Abstracts are provided in the language submitted.

We are potentially exposed to more than a million hazardous chemicals. Determining which chemicals pose health risk, and at what concentration, requires robust epidemiological evidence and reliable methods for assessing exposure. Biomonitoring studies like NHANES (National Health and Nutrition Examination Survey) demonstrate substantial variabilities in biomarker concentrations, but do not measure external exposures, which could identify sources and inform intervention strategies. This study aimed to assess whether we can use high throughput mechanistic models and omics technologies to identify exposure sources and disparity associated with chemical exposures measured in NHANES. We used continuous data for 541 chemical biomarkers and demographic information collected 1999-2014 for 82,091 participants in NHANES cross-sectional study of the non-institutionalized, civilian US population, as model input parameters. We used PROTEX mechanistic model to estimate external exposure levels that could give rise to the internal levels of measured biomarkers. The PROTEX model was parameterized for estimating exposures for adults and living in ""average"" US environment, with variations in anthropometric parameters such as BMI, fat percent, age, ethnicity, time spent indoors taken from the NHANES datasets.
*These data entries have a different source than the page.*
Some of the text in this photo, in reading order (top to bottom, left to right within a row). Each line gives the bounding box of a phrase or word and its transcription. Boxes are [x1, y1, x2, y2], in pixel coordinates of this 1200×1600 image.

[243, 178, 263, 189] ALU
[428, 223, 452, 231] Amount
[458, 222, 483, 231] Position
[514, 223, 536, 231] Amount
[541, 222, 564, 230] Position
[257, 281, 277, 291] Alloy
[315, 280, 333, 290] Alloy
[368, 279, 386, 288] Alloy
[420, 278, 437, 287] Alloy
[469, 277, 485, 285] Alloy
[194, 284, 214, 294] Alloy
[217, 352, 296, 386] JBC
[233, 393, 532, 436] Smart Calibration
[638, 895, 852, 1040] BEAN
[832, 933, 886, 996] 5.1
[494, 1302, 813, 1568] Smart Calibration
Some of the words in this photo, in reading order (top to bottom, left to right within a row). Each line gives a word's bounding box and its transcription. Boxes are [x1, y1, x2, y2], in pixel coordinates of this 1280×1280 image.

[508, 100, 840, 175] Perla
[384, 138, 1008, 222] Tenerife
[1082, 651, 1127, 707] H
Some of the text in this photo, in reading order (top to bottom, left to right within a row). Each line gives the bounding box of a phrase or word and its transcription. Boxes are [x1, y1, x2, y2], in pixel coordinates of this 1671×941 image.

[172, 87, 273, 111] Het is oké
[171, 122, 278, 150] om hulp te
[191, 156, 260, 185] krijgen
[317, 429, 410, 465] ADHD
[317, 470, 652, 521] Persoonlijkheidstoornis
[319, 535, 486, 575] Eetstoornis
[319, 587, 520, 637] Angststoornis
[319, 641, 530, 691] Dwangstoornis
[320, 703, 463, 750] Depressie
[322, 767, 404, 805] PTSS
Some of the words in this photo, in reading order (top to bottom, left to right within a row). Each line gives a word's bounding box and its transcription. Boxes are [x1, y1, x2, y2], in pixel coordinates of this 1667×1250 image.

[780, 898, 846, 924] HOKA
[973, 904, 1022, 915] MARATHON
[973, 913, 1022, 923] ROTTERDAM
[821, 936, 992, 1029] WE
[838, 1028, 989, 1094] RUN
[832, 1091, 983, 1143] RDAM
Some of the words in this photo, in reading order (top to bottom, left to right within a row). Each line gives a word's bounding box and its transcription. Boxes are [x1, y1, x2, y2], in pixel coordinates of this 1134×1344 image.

Preliminary results suggest that 95% of brominated and chlorinated biomarkers came from lipid-rich diets, even though they may be intensively used in the indoor environment. Concentrations of these biomarkers were significantly higher in non-Hispanic Blacks and Mexicans compared to non-Hispanic Whites. These results show promise in the use of high throughput mechanistic models as tools to comprehensively assess external chemical exposure, and internal exposures, leveraging existing biomonitoring and survey databases.